#### What is being asked
Print every line of the material exactly.
=== Section Start ===
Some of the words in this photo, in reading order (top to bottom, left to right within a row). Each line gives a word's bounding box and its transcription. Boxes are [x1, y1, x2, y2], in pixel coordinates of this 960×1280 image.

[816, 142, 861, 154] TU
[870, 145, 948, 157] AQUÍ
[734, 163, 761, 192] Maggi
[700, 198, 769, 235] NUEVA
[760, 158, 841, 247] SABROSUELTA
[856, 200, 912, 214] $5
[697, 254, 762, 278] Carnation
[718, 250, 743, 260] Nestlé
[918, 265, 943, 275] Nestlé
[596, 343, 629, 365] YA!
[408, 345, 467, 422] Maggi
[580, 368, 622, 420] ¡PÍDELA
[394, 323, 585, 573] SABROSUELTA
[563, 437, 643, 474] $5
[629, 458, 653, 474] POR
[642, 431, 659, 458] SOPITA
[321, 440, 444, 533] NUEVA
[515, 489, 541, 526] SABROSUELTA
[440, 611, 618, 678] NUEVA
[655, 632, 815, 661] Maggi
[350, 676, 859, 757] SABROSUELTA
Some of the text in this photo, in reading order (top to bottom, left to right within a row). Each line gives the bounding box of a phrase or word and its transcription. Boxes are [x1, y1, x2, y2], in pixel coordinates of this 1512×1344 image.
=== Section End ===
#### Response below
Some of the words in this photo, in reading order (top to bottom, left to right within a row). Each line gives a word's bounding box and its transcription. Boxes are [x1, y1, x2, y2], in pixel coordinates of this 960×1280 image.

[816, 142, 861, 154] TU
[870, 145, 948, 157] AQUÍ
[734, 163, 761, 192] Maggi
[700, 198, 769, 235] NUEVA
[760, 158, 841, 247] SABROSUELTA
[856, 200, 912, 214] $5
[697, 254, 762, 278] Carnation
[718, 250, 743, 260] Nestlé
[918, 265, 943, 275] Nestlé
[596, 343, 629, 365] YA!
[408, 345, 467, 422] Maggi
[580, 368, 622, 420] ¡PÍDELA
[394, 323, 585, 573] SABROSUELTA
[563, 437, 643, 474] $5
[629, 458, 653, 474] POR
[642, 431, 659, 458] SOPITA
[321, 440, 444, 533] NUEVA
[515, 489, 541, 526] SABROSUELTA
[440, 611, 618, 678] NUEVA
[655, 632, 815, 661] Maggi
[350, 676, 859, 757] SABROSUELTA
Some of the text in this photo, in reading order (top to bottom, left to right within a row). Each line gives the bounding box of a phrase or word and its transcription. Boxes are [x1, y1, x2, y2], in pixel coordinates of this 1512×1344 image.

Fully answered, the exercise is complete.